Not until kickoff on Friday will it become evident whether Andersson and her teammates have had sufficient time to recover to face a relentless Japanese team that has been much more incisive in each of its matches than the United States was in any of its games.

“They don’t play as directly as the U.S., so it’s going to be a different kind of game,” said Sweden’s coach, Peter Gerhardsson. “It’ll be more about possession.”

Sweden may set its defense low, trying to absorb and dissipate Japan’s attack; its goal, Gerhardsson said, is normally to try to win the ball back after its opponent makes four or five passes.

“With Japan, maybe it’s 10 to 15 passes, but we still want to win the ball,” he said. “And, then, transition is going to be important.”

Japan entered this World Cup ranked 11th by FIFA, a sign of how far its fortunes had slid after winning the World Cup and returning to the final in 2015. Its inspiring 2011 victory came four months after an earthquake and tsunami had devastated the country’s northeast coast, killing more than 15,000 people and displacing thousands more.

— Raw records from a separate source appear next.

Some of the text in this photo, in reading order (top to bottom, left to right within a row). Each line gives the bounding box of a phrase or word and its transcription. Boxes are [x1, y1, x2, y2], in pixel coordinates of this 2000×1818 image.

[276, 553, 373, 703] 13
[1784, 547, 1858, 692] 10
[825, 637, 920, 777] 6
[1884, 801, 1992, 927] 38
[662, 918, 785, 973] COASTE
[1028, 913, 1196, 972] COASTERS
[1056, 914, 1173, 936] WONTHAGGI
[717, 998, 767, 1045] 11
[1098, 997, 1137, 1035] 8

Even in defeat that year, the American forward Megan Rapinoe said recently, she considered Japan’s victory “one of the greatest stories in all of sports.”

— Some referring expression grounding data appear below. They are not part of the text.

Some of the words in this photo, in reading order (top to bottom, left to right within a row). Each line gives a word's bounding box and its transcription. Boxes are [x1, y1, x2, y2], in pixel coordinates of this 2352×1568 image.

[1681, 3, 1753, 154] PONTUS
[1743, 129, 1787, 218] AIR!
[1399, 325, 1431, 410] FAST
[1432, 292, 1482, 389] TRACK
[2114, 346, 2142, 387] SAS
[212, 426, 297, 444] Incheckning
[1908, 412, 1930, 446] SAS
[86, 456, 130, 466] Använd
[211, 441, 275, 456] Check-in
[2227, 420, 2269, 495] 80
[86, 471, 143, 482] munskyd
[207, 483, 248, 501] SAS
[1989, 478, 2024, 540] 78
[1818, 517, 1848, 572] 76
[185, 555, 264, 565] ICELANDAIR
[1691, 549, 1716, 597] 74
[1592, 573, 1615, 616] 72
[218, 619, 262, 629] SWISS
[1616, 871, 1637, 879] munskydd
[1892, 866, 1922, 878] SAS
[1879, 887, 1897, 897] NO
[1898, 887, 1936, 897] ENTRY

But that success began to ebb. When the Japanese team traveled to the 2012 London Olympics, it had to fly coach, while its men’s team, mostly under-23 players, flew business class on the same jet. The women won a silver medal, while the men finished fourth.

In the final of the 2015 World Cup, Japan was routed, 5-2, by the United States, largely on the predatory audacity of Carli Lloyd, who scored three goals in the first 16 minutes, including a shot launched from midfield. When Japan failed to qualify for the 2016 Rio de Janeiro Olympics the following summer, a makeover began, with the aim of overhauling the senior team but also of increasing the participation of female soccer coaches, referees and players, to create a larger talent pool from which to draw. The stated goal was to register 300,000 female players — up from 50,500 at the time — by 2030.

Japan also hired the first female coach for its women’s national team: Asako Takakura, who had been a pioneering player. In an interview with The New York Times months before the 2019 World Cup, she predicted that Japan would win the tournament. She wanted her players to express their individualism, she said, instead of simply prizing the collectivity of the group, which had been a tradition on some previous teams.

Instead of lifting the trophy, though, Japan scored only three goals in four matches and exited quickly and meekly. Two years later, Japan’s gold-medal dream at the 2021 Tokyo Olympics ended when it was eliminated by Sweden in the quarterfinals. Takakura was replaced by Futoshi Ikeda, who coached Japan to the 2018 under-20 Women’s World Cup title.

As the current World Cup began, many remained skeptical about Japan’s chances, including Takakura, who told Agence France-Presse that Japan was “left behind by the sudden strides that the rest of the world were making” in terms of resources poured into women’s soccer. Not until 2021, for instance, did Japan’s women’s league become fully professional.

Shinobu Ohno, who was a member of the 2011 championship team, told the French news agency that Japan’s national team had become sclerotic, unable to adapt to teams that were physically stronger and more tactically adept. But pretournament doubt has since been replaced by ascendant optimism.

Ikeda has constructed a team built on agility, mobility, cohesion and a liberating joyfulness. Nine of Japan’s 23 players are attached to clubs in top women’s leagues in the United States, England, Italy and Sweden, and that has helped develop the confidence, fearlessness and tactical versatility evident in the World Cup.

“We’re ready to fight against anyone,” said Saki Kumagai, Japan’s captain and the only player remaining on the roster from the 2011 World Cup.